» RECORDS PROVIDED
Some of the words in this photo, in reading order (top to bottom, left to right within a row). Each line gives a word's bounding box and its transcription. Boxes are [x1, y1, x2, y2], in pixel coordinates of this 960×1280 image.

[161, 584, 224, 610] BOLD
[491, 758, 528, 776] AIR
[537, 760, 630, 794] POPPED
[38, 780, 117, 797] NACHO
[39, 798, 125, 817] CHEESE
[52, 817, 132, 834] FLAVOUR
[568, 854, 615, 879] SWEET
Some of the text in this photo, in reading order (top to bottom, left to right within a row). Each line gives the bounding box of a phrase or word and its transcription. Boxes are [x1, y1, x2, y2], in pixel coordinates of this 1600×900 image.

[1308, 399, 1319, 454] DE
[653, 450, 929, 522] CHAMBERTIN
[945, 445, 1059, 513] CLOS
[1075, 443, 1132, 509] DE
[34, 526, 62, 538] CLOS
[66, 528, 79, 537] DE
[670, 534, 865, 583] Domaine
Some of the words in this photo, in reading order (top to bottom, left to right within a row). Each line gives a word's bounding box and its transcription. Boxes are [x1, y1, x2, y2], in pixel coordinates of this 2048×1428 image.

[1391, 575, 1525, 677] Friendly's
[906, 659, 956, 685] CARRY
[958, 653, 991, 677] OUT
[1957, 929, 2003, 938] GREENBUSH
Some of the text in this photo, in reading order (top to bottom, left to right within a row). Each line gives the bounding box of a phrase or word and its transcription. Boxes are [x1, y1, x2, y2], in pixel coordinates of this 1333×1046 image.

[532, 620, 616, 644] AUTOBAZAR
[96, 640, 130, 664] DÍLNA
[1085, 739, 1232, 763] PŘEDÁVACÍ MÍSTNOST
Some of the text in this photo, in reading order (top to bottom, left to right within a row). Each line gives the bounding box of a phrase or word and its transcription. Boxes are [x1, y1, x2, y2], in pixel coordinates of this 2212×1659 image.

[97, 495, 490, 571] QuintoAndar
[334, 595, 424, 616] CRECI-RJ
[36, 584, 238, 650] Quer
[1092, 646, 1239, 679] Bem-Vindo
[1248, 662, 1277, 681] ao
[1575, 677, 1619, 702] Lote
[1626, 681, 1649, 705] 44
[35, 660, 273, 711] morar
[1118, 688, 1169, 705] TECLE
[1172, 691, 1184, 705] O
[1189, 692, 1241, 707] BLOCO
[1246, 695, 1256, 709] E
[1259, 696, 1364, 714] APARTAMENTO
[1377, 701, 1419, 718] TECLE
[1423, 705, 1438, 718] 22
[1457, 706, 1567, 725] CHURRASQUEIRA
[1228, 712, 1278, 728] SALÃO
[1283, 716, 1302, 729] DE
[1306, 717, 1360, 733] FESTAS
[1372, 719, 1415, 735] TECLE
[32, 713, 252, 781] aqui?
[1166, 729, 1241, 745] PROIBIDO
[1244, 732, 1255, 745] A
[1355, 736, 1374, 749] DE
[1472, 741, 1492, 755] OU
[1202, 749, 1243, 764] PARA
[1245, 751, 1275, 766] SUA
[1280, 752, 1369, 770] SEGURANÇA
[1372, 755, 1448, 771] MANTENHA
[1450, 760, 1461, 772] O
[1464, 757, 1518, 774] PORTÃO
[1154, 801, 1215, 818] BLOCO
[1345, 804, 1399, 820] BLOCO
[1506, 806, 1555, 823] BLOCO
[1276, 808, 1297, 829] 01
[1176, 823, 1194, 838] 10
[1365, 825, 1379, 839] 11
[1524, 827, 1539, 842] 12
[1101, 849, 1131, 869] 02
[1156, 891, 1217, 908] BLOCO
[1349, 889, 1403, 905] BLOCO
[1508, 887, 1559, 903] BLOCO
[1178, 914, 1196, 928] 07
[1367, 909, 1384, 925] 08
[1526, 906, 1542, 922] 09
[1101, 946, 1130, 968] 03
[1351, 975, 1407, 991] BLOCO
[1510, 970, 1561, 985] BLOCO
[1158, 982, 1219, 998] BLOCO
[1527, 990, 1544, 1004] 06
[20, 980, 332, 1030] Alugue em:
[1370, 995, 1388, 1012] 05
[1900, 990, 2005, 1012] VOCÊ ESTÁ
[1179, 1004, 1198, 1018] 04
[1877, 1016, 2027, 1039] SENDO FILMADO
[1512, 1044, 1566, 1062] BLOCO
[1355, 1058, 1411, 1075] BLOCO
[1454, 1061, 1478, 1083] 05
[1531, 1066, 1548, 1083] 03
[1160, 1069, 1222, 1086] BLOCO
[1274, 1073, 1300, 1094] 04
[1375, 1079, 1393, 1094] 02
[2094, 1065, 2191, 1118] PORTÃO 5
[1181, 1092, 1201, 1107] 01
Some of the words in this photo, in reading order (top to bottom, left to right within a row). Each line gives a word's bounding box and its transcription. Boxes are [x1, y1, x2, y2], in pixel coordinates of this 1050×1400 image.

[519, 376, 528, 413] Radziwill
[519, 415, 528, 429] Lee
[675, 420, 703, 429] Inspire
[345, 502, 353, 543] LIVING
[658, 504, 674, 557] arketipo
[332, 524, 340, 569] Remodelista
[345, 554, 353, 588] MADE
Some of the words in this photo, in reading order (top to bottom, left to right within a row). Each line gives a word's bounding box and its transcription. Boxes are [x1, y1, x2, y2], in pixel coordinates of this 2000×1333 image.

» PROBLEM DETAILS
Return each line of the data exactly as written above.

» RESPONSE
Some of the words in this photo, in reading order (top to bottom, left to right within a row). Each line gives a word's bounding box and its transcription. Boxes are [x1, y1, x2, y2], in pixel coordinates of this 960×1280 image.

[161, 584, 224, 610] BOLD
[491, 758, 528, 776] AIR
[537, 760, 630, 794] POPPED
[38, 780, 117, 797] NACHO
[39, 798, 125, 817] CHEESE
[52, 817, 132, 834] FLAVOUR
[568, 854, 615, 879] SWEET
Some of the text in this photo, in reading order (top to bottom, left to right within a row). Each line gives the bounding box of a phrase or word and its transcription. Boxes are [x1, y1, x2, y2], in pixel coordinates of this 1600×900 image.

[1308, 399, 1319, 454] DE
[653, 450, 929, 522] CHAMBERTIN
[945, 445, 1059, 513] CLOS
[1075, 443, 1132, 509] DE
[34, 526, 62, 538] CLOS
[66, 528, 79, 537] DE
[670, 534, 865, 583] Domaine
Some of the words in this photo, in reading order (top to bottom, left to right within a row). Each line gives a word's bounding box and its transcription. Boxes are [x1, y1, x2, y2], in pixel coordinates of this 2048×1428 image.

[1391, 575, 1525, 677] Friendly's
[906, 659, 956, 685] CARRY
[958, 653, 991, 677] OUT
[1957, 929, 2003, 938] GREENBUSH
Some of the text in this photo, in reading order (top to bottom, left to right within a row). Each line gives the bounding box of a phrase or word and its transcription. Boxes are [x1, y1, x2, y2], in pixel coordinates of this 1333×1046 image.

[532, 620, 616, 644] AUTOBAZAR
[96, 640, 130, 664] DÍLNA
[1085, 739, 1232, 763] PŘEDÁVACÍ MÍSTNOST
Some of the text in this photo, in reading order (top to bottom, left to right within a row). Each line gives the bounding box of a phrase or word and its transcription. Boxes are [x1, y1, x2, y2], in pixel coordinates of this 2212×1659 image.

[97, 495, 490, 571] QuintoAndar
[334, 595, 424, 616] CRECI-RJ
[36, 584, 238, 650] Quer
[1092, 646, 1239, 679] Bem-Vindo
[1248, 662, 1277, 681] ao
[1575, 677, 1619, 702] Lote
[1626, 681, 1649, 705] 44
[35, 660, 273, 711] morar
[1118, 688, 1169, 705] TECLE
[1172, 691, 1184, 705] O
[1189, 692, 1241, 707] BLOCO
[1246, 695, 1256, 709] E
[1259, 696, 1364, 714] APARTAMENTO
[1377, 701, 1419, 718] TECLE
[1423, 705, 1438, 718] 22
[1457, 706, 1567, 725] CHURRASQUEIRA
[1228, 712, 1278, 728] SALÃO
[1283, 716, 1302, 729] DE
[1306, 717, 1360, 733] FESTAS
[1372, 719, 1415, 735] TECLE
[32, 713, 252, 781] aqui?
[1166, 729, 1241, 745] PROIBIDO
[1244, 732, 1255, 745] A
[1355, 736, 1374, 749] DE
[1472, 741, 1492, 755] OU
[1202, 749, 1243, 764] PARA
[1245, 751, 1275, 766] SUA
[1280, 752, 1369, 770] SEGURANÇA
[1372, 755, 1448, 771] MANTENHA
[1450, 760, 1461, 772] O
[1464, 757, 1518, 774] PORTÃO
[1154, 801, 1215, 818] BLOCO
[1345, 804, 1399, 820] BLOCO
[1506, 806, 1555, 823] BLOCO
[1276, 808, 1297, 829] 01
[1176, 823, 1194, 838] 10
[1365, 825, 1379, 839] 11
[1524, 827, 1539, 842] 12
[1101, 849, 1131, 869] 02
[1156, 891, 1217, 908] BLOCO
[1349, 889, 1403, 905] BLOCO
[1508, 887, 1559, 903] BLOCO
[1178, 914, 1196, 928] 07
[1367, 909, 1384, 925] 08
[1526, 906, 1542, 922] 09
[1101, 946, 1130, 968] 03
[1351, 975, 1407, 991] BLOCO
[1510, 970, 1561, 985] BLOCO
[1158, 982, 1219, 998] BLOCO
[1527, 990, 1544, 1004] 06
[20, 980, 332, 1030] Alugue em:
[1370, 995, 1388, 1012] 05
[1900, 990, 2005, 1012] VOCÊ ESTÁ
[1179, 1004, 1198, 1018] 04
[1877, 1016, 2027, 1039] SENDO FILMADO
[1512, 1044, 1566, 1062] BLOCO
[1355, 1058, 1411, 1075] BLOCO
[1454, 1061, 1478, 1083] 05
[1531, 1066, 1548, 1083] 03
[1160, 1069, 1222, 1086] BLOCO
[1274, 1073, 1300, 1094] 04
[1375, 1079, 1393, 1094] 02
[2094, 1065, 2191, 1118] PORTÃO 5
[1181, 1092, 1201, 1107] 01
Some of the words in this photo, in reading order (top to bottom, left to right within a row). Each line gives a word's bounding box and its transcription. Boxes are [x1, y1, x2, y2], in pixel coordinates of this 1050×1400 image.

[519, 376, 528, 413] Radziwill
[519, 415, 528, 429] Lee
[675, 420, 703, 429] Inspire
[345, 502, 353, 543] LIVING
[658, 504, 674, 557] arketipo
[332, 524, 340, 569] Remodelista
[345, 554, 353, 588] MADE
Some of the words in this photo, in reading order (top to bottom, left to right within a row). Each line gives a word's bounding box and its transcription. Boxes are [x1, y1, x2, y2], in pixel coordinates of this 2000×1333 image.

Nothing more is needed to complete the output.